[Start of section]

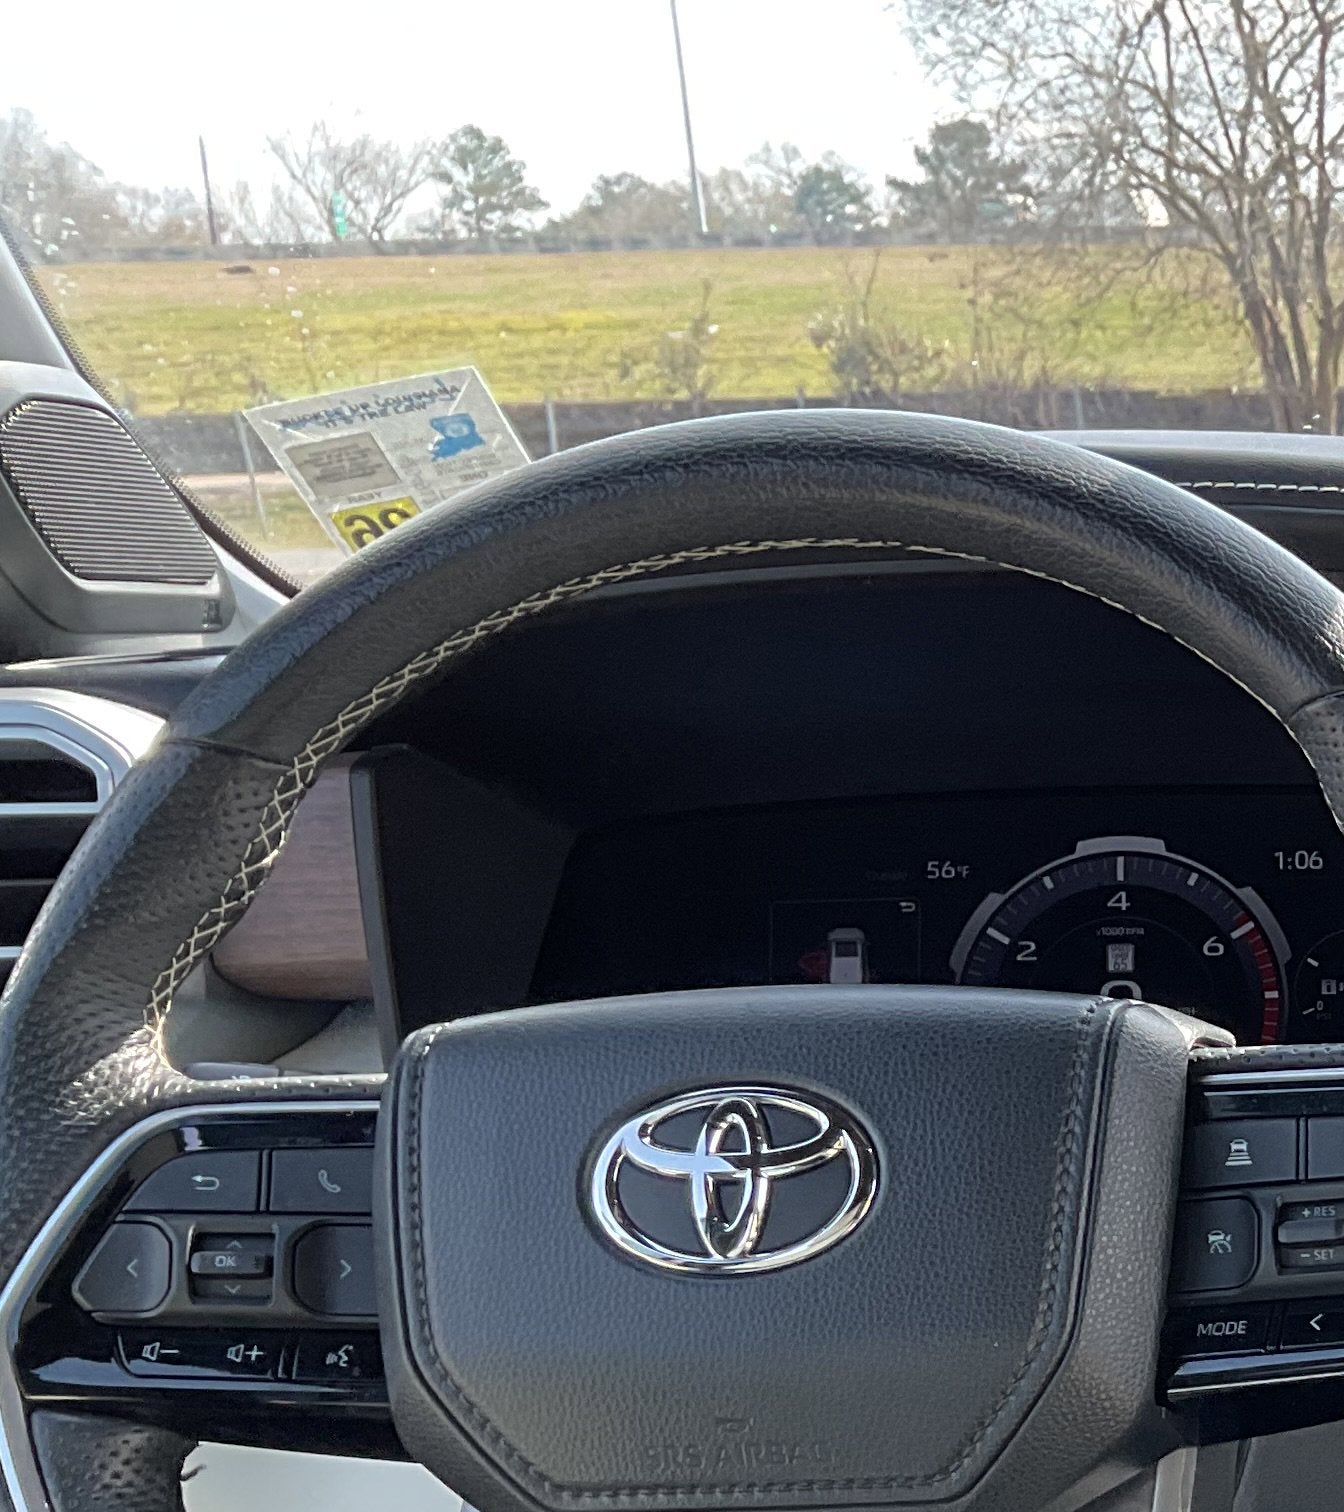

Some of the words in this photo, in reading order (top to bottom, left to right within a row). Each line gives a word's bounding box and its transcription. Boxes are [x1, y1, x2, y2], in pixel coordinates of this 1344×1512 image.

[1274, 850, 1324, 871] 1:06
[1107, 890, 1131, 911] 4
[1015, 940, 1038, 961] 2
[1202, 936, 1225, 956] 6
[1316, 1001, 1324, 1011] 0
[1313, 1206, 1336, 1217] RES
[214, 1255, 237, 1268] OK
[1313, 1250, 1335, 1261] SET
[1196, 1320, 1249, 1337] MODE
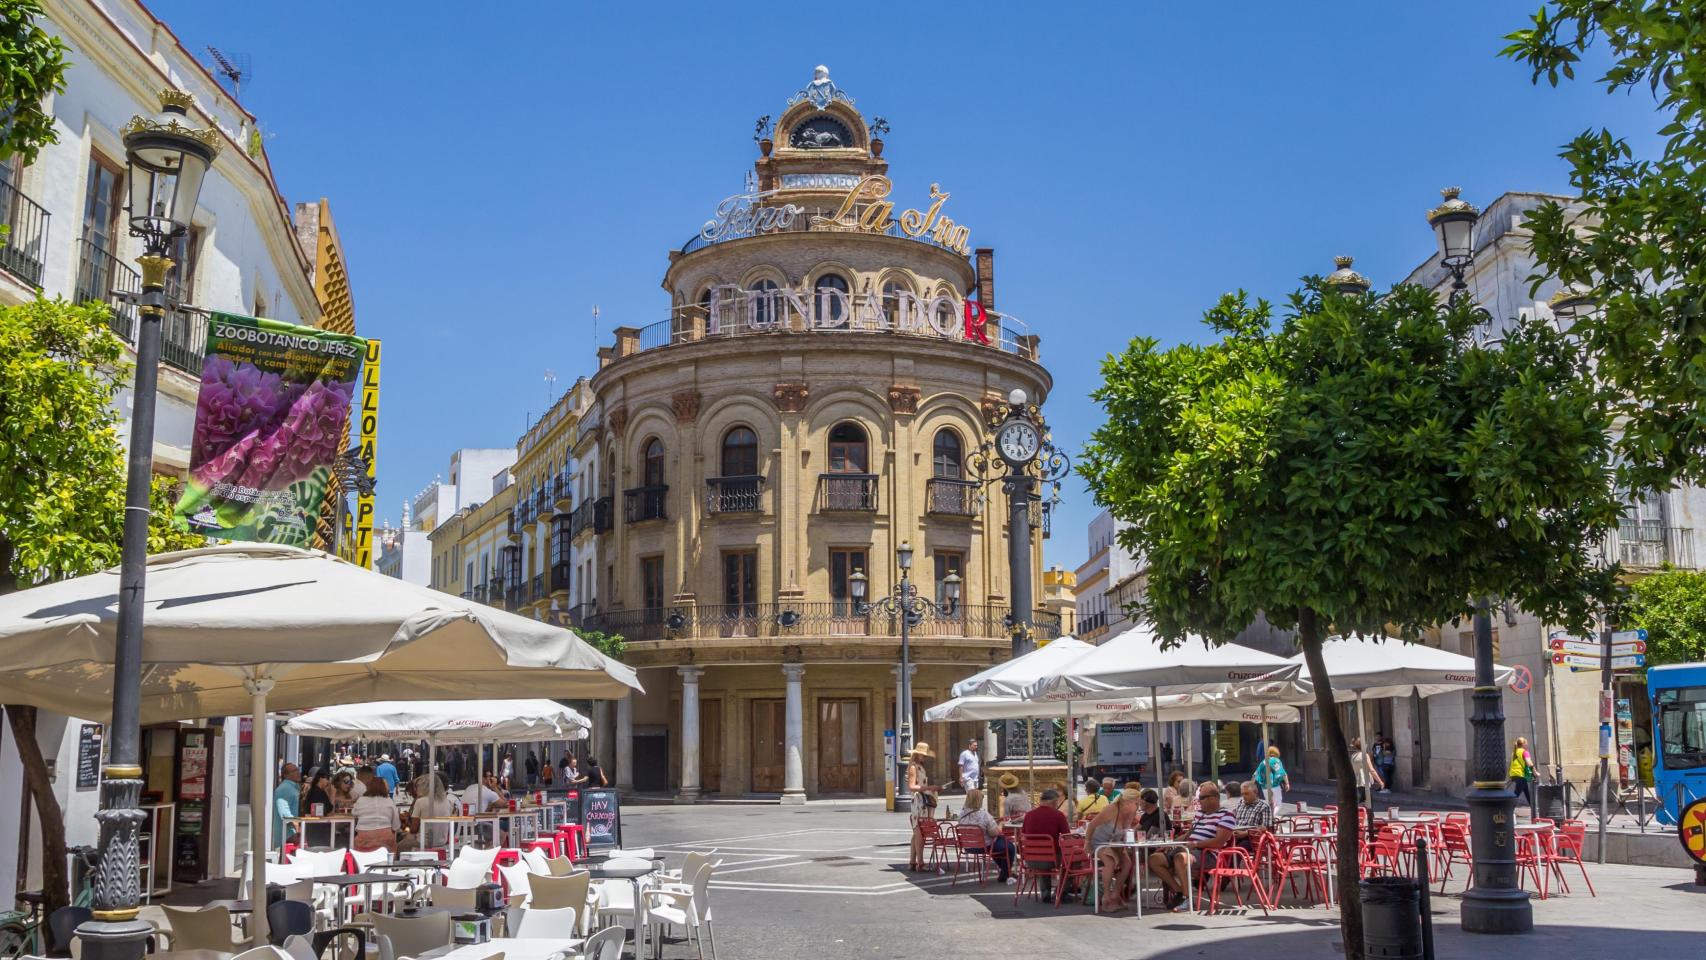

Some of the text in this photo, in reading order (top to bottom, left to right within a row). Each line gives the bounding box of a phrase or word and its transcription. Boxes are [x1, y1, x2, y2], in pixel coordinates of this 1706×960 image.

[End of section]

= PROBLEM TO SOLVE =
I'd like every record transcribed exactly, with no pictures carried over.

= REPLY =
Some of the words in this photo, in reading order (top to bottom, left to right within a row). Each line gives a word's bounding box and its transcription. Boxes are [x1, y1, x2, y2], in pixel coordinates of this 1344×1512 image.

[1274, 850, 1324, 871] 1:06
[1107, 890, 1131, 911] 4
[1015, 940, 1038, 961] 2
[1202, 936, 1225, 956] 6
[1316, 1001, 1324, 1011] 0
[1313, 1206, 1336, 1217] RES
[214, 1255, 237, 1268] OK
[1313, 1250, 1335, 1261] SET
[1196, 1320, 1249, 1337] MODE

Some of the text in this photo, in reading order (top to bottom, left to right within a row). Each line gives the bounding box of a phrase or word and its transcription. Boxes are [x1, y1, x2, y2], in pixel coordinates of this 1706×960 image.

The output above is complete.